Inclusion body myositis (IBM) is a rare presentation of inflammatory myopathy with clinical features that clearly separate it from the other inflammatory myopathies such as polymyositis and dermatomyositis.1 2 One of the characteristic features of IBM is the presence of proximal and distal muscle weakness.2 The underlying pathology driving the disease is unknown. IBM tends to more frequently affect males over the age of 50 years and carries a poor prognosis.2 This form of myopathy is considered to be, in most cases, refractory to treatment with conventional immunosuppressive medications and those who respond, subsequently have a progressive slow decay in function.3 IBM usually presents as an isolated disease but there are some reports of IBM occurring in patients with autoimmune connective diseases, including systemic lupus erythematosus (SLE).4–6 We present a case of a 76-year-old woman with SLE who developed IBM and experienced a remarkable clinical response to immunosuppressive therapy.

Case presentation

A 76-year-old woman with SLE since September 2003 presented with non-erosive inflammatory polyarthritis, prolonged morning stiffness (>1 h), lymphopenia, leukopenia, mild thrombocytopenia, elevated erythrocyte sedimentation rate (130 mm/h), elevated C reactive protein (6.0 mg/L), positive antinuclear antibodies (1:320, speckled pattern) and C3 hypocomplementemia.
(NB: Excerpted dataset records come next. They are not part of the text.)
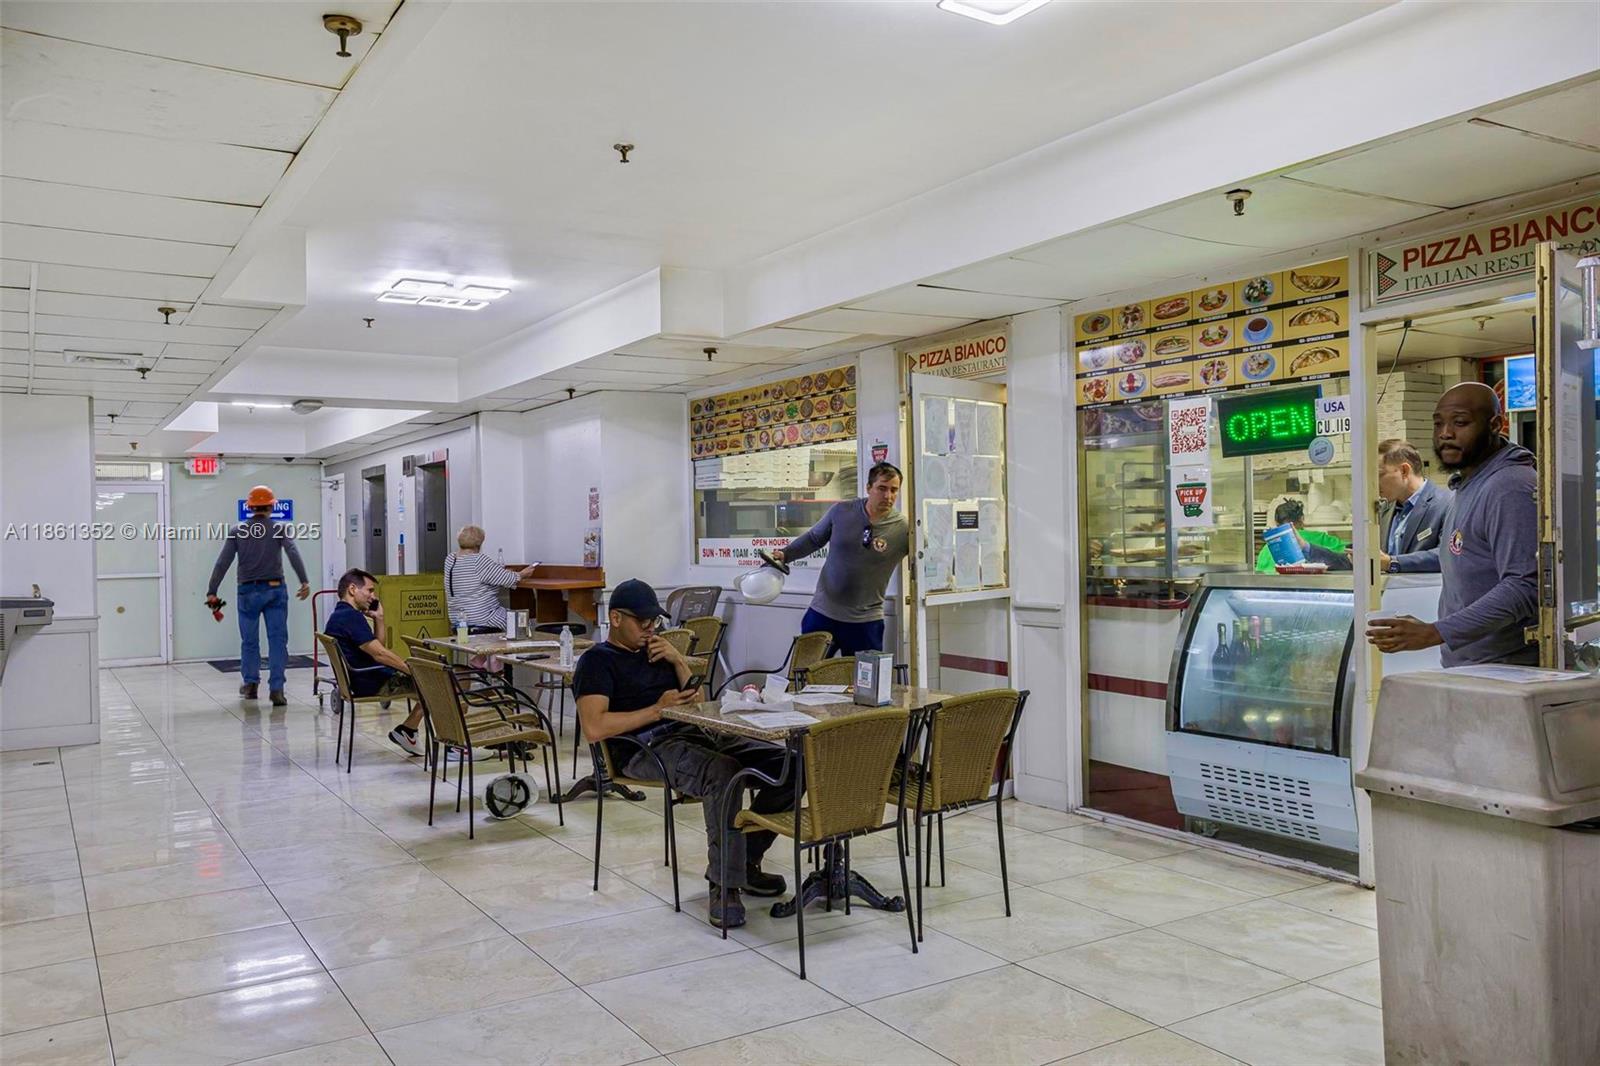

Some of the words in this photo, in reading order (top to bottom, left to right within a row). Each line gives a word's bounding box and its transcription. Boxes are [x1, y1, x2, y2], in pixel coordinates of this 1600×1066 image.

[1403, 233, 1483, 272] PIZZA
[1490, 205, 1600, 253] BIANC
[1405, 264, 1477, 291] ITALIAN
[919, 349, 952, 369] PIZZA
[955, 336, 1006, 362] BIANCO
[953, 356, 1007, 376] RESTAURANT
[1324, 401, 1345, 413] USA
[1229, 405, 1312, 441] OPEN
[195, 459, 216, 474] EXIT
[752, 538, 767, 547] OPEN
[702, 548, 715, 558] SUN
[719, 548, 731, 558] THR
[732, 548, 749, 558] 10AM
She met the Systemic Lupus International Collaborating Clinics classification criteria for SLE.7 She was treated with hydroxychloroquine 400 mg daily and prednisone 20 mg daily. She responded well to this treatment and prednisone dose was gradually decreased until discontinued in July 2004. She remained in complete clinical remission until October 2011, when she developed severe inflammatory polyarthritis. Prednisone 10 mg daily was started and synovitis resolved. However, multiple attempts to decrease prednisone dose below 10 mg daily were unsuccessful due to recurrent polyarthritis.
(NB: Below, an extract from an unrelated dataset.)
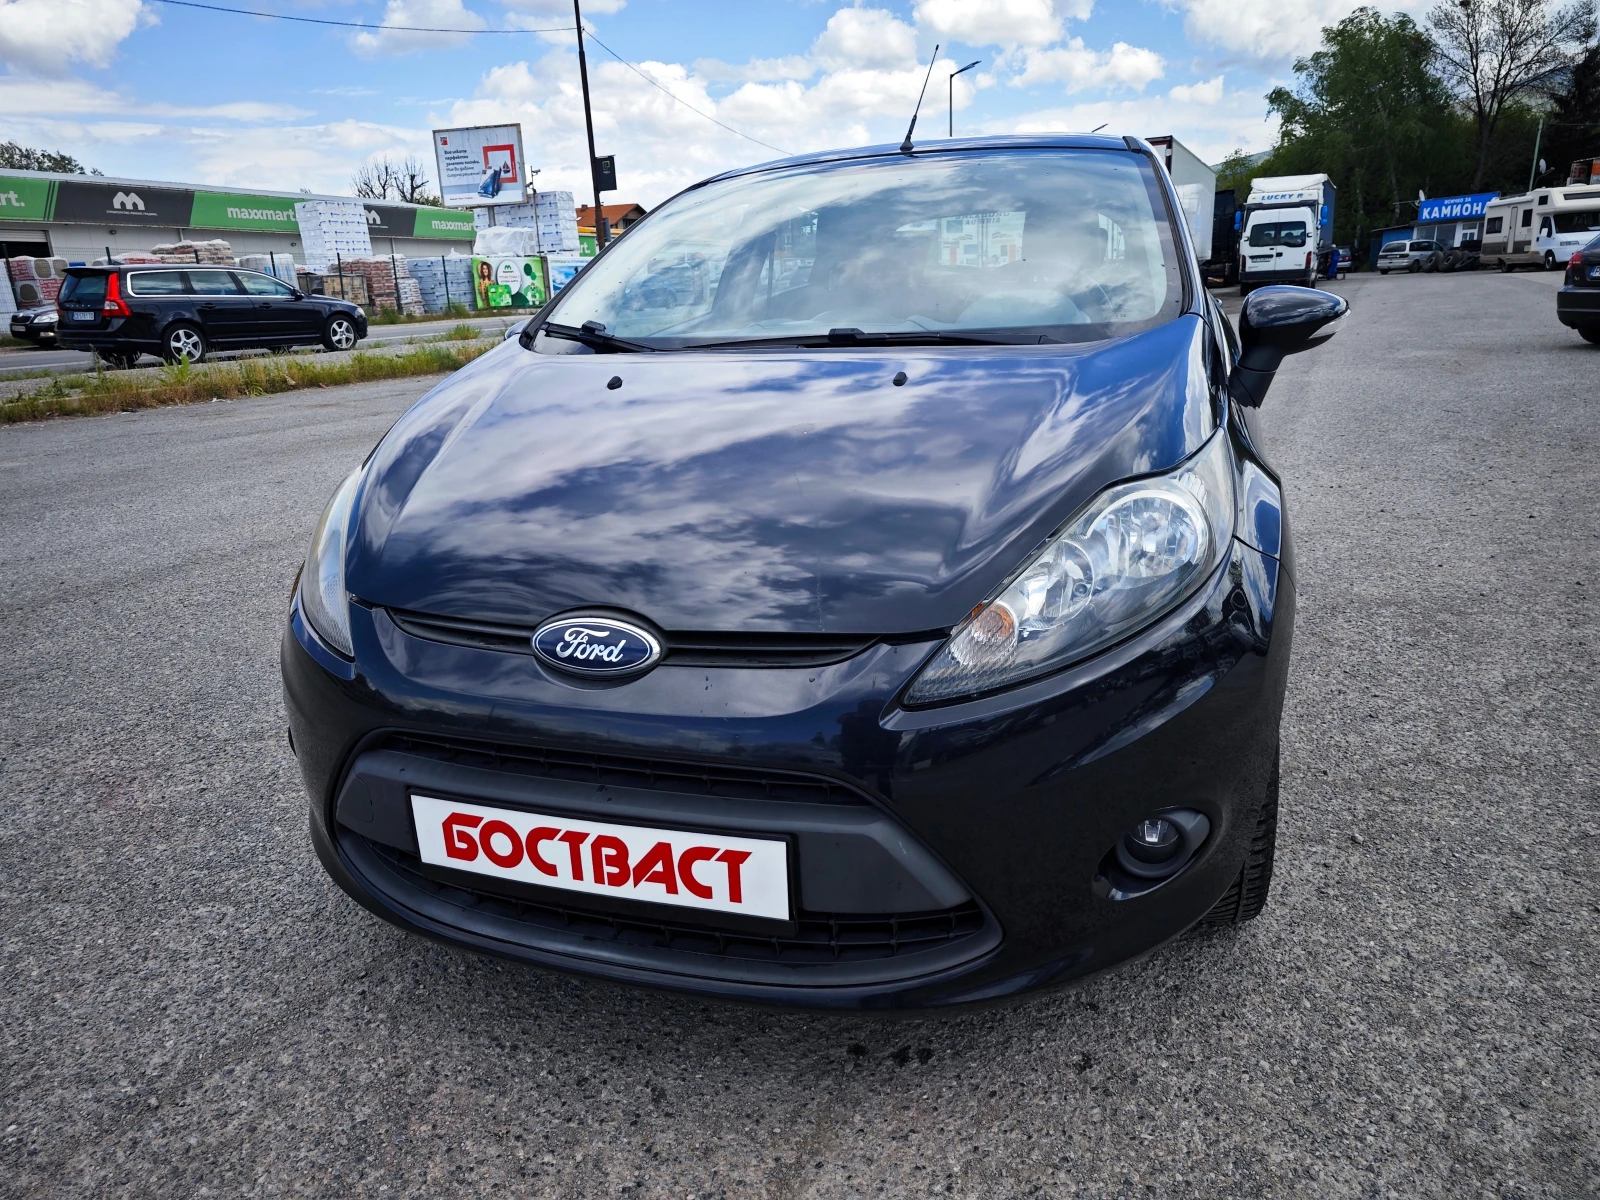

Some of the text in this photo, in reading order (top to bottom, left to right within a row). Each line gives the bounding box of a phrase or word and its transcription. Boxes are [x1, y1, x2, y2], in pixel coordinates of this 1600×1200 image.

[965, 217, 1001, 225] AUSTRIA
[555, 627, 627, 663] Ford
[441, 811, 752, 903] БОСТВАСТ
In December 2013, the patient developed mild difficulty getting up from a chair or bed. On examination, she had mild proximal muscle weakness (4/5) of lower extremities. Electromyography showed a mixed pattern of myopathic and neurogenic changes. Serum creatine kinase (CK) was mildly elevated at 484 U/L (normal range 30–223 U/L) but aldolase levels were normal. The possibility of corticosteroid-induced myopathy was considered, for which prednisone dose was gradually decreased until discontinued in December 2014. After discontinuation of prednisone, she had worsening of muscle weakness requiring assistance while standing up or climbing stairs. She had no other associated symptoms. On examination, she had proximal muscle weakness (3–4/5) of lower extremities, including knee extensors and hip flexors. She had normal strength in the upper extremities and distal lower extremities. The rest of the examination was unremarkable.

Investigations

Laboratory tests showed normal white cell count, haemoglobin, platelet count, urine analysis, liver enzymes, blood urea nitrogen, serum creatinine, thyroid tests and serum protein electrophoresis. Westergren sedimentation rate was normal at 19 mm/h. CK was elevated at 495 U/L. Serum aldolase level was normal. Anti-double stranded DNA, anti-Smith, anti-ribonucleoprotein (RNP), anti-Ro, anti-La and anti-Jo-1 antibodies were not elevated. C3 and C4 levels were normal. Malignancy screening tests including chest X-rays, mammography, pelvic examination and colonoscopy were unremarkable. A muscle biopsy of the left thigh, performed in March 2015, revealed endomysial inflammation and rimmed vacuoles with deposits of P62 (figures 1 and 2). The microscopic description and histochemistry and immunohistochemistry analyses of the examined tissue are shown in box 1. The patient met the clinicopathological criteria for defined IBM according to the 2011 European Neuromuscular Centre IBM Research Diagnostic Criteria.8

Figure 1.

Figure 1

Predominantly endomysial inflammatory infiltrate is present. Rimmed-like vacuoles are observed near the inflammatory area (H&E ×100).

Figure 2.

Figure 2

Rimmed-like vacuoles stain strongly positive for P62 protein (P62 ×200).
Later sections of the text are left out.